More from #WHIT World Health Care Innovation and Technology Congress 6.0
|8:15 am -|
We have come a long way.
10-15 years ago very little support for EHRs. Consumers not interested.
How many kids coming out of med school in the next few years will put up with an EHR that doesn't come up on their iPhone/iPad?
The Opening Panel will discuss interoperability
|8:30 am -|
Aaron Seib is moderating the panel.
Bill B: Real adoption of EHRs is low. The apps are not very good and they are not interoperable. Clinical and Billing are typically separate.
Santa Cruz HIE has 95% inclusion of 270,000 county population in the Master Patient Index. This has been built since 1996. 100k documents exchanged each month. 400+ MDs and 700+ Users.
The average practice size in Santa Cruz is 3 Physicians.
Gwen L: CAQH Non profit alliance of Health Plans and trade associations. CORE Committe on Operating Rules for Information Exchange (CORE)
UPD: Universal Provider Datasource. A database of providers. 870,000 unique providers. 600 participating plan, hospitals and others use UPD. 12 States and DC have adopted the CAQH Standard Provider application.
CORE rules have a connectivity requirements. Aligned with MHIP.
IBM analysis - CORE Phase 1 could yield $3B of savings over 3 years across the industry
Chuck P: Continua - pushing market in one direction for devices. Develop industry standards. Creating an ecosystem of interoperable Health Devices.
Certification program for interoperability of devices and the collective power of the organizations to encourage market standardization.
Tom B: Alcatel - Improve people's lives by helping them communicate.
HealthCare - investing in Telemedicine, remote care. Most investment in healthcare has been about admin and moving paper. Not in advancing the care of patients.
Bill S: Sharp HealthCare of San Diego. Interoperability has focused internally on patients in the network. Sharp's approach is to connect everyone in network in to their IT Network and provide the link to the San Diego HIE and on to the National HIN
Low adoption of EHR in small practices.
Everyone needs a Patient Consent Framework.
By 2020 Patients will EXPECT alerts, to use their phone to access information.
Bill B: Providers want to share information. so much benefit comes from sharing. But there needs to be confidentiality.
Bill S: the emergence of the PHR means the patient owns their data.
Gwen L: How do we start building trust in to the system. Transparency and Trust are two critical building blocks.
Tom B: You have to work across the silos to convince people of the benefits of sharing.
Bill B: we need to build a medical grade network. One that can reach out to insecure endpoints.
Bill S: Devices are ahead of the business models.

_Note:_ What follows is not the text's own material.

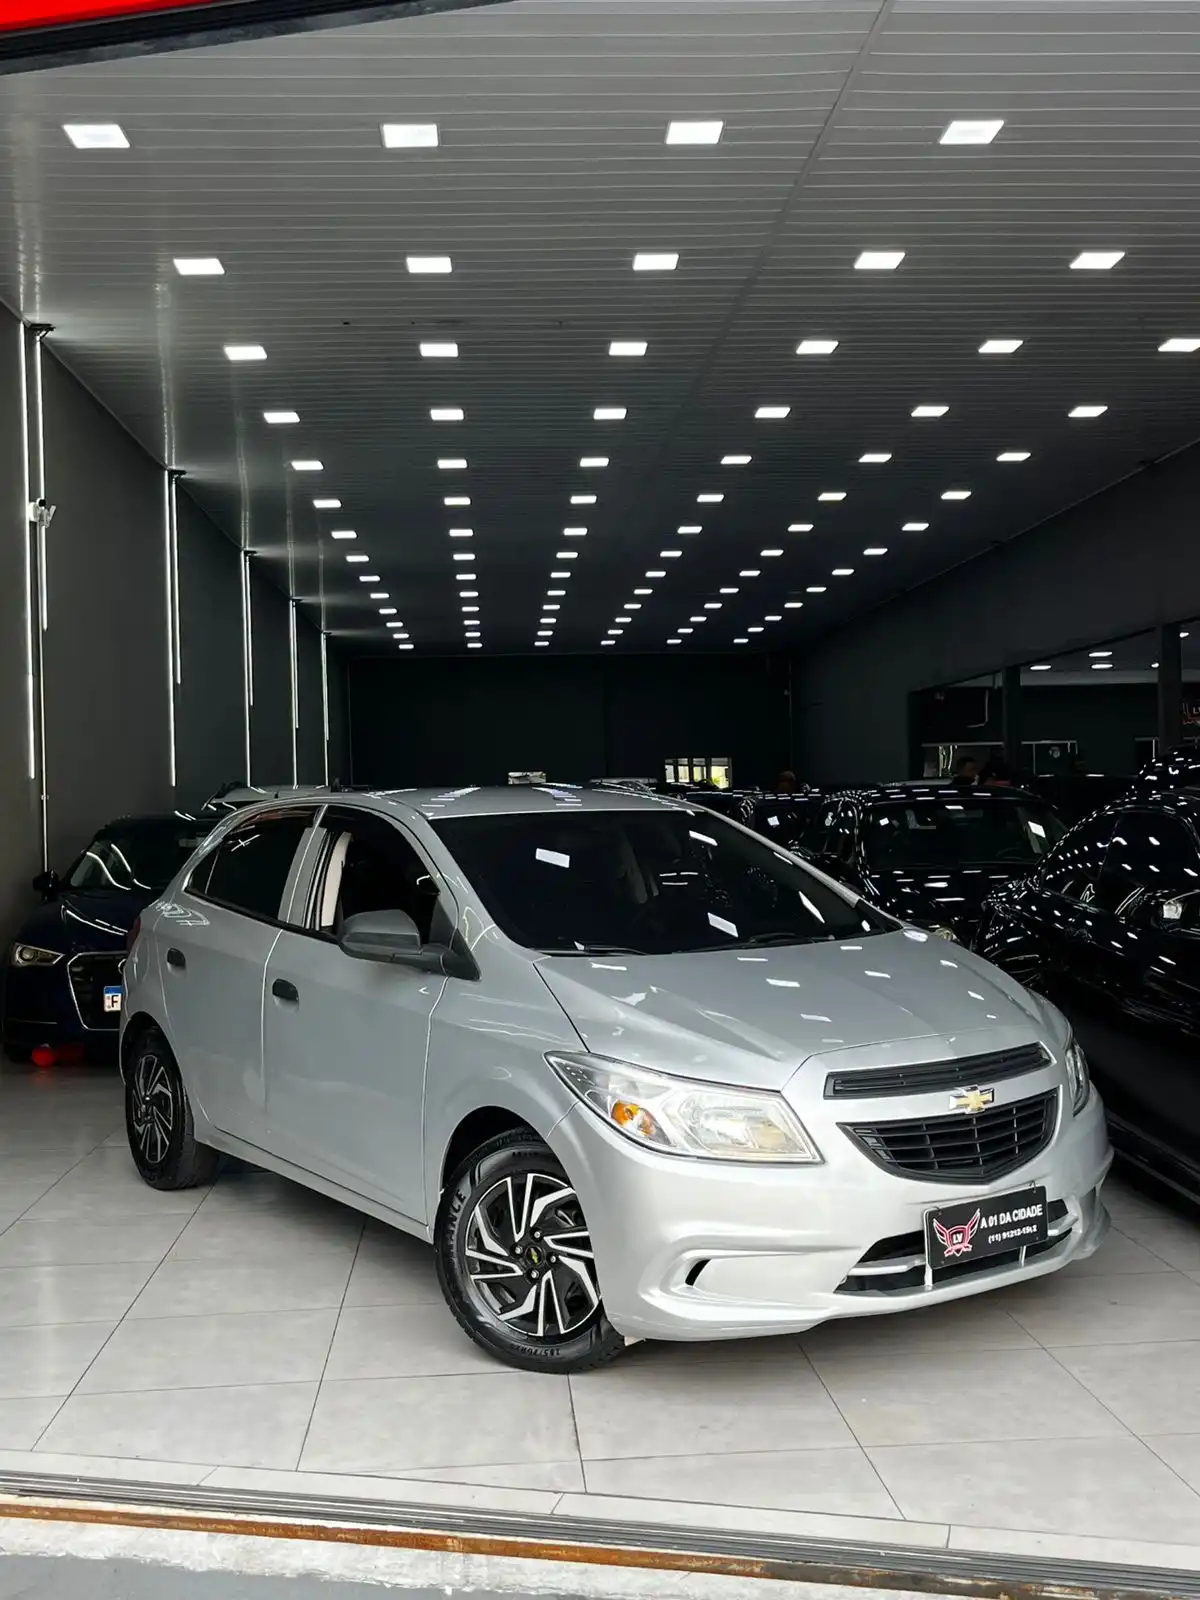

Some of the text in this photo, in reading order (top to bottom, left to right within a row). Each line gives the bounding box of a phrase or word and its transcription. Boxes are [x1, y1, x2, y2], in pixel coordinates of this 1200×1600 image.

Question from the Audience: What is happening to move forward the issue of Unique Patient Identifier
My thoughts: Why is this an issue? Is there a Universal ID for the Internet - No - Yet things work. We are seeing Facebook, Google, OpenID and others that provide the ability for an INDIVIDUAL to connect multiple personae together.
Tom B: Consent will become less of an issue with Gen Y. They are sharing on their wall anyway.
"it's the network" (stoopid!)
Chuck P: Connectivity creates value. Microsoft anf Google need apps and devices that give life and meaning to the PHR.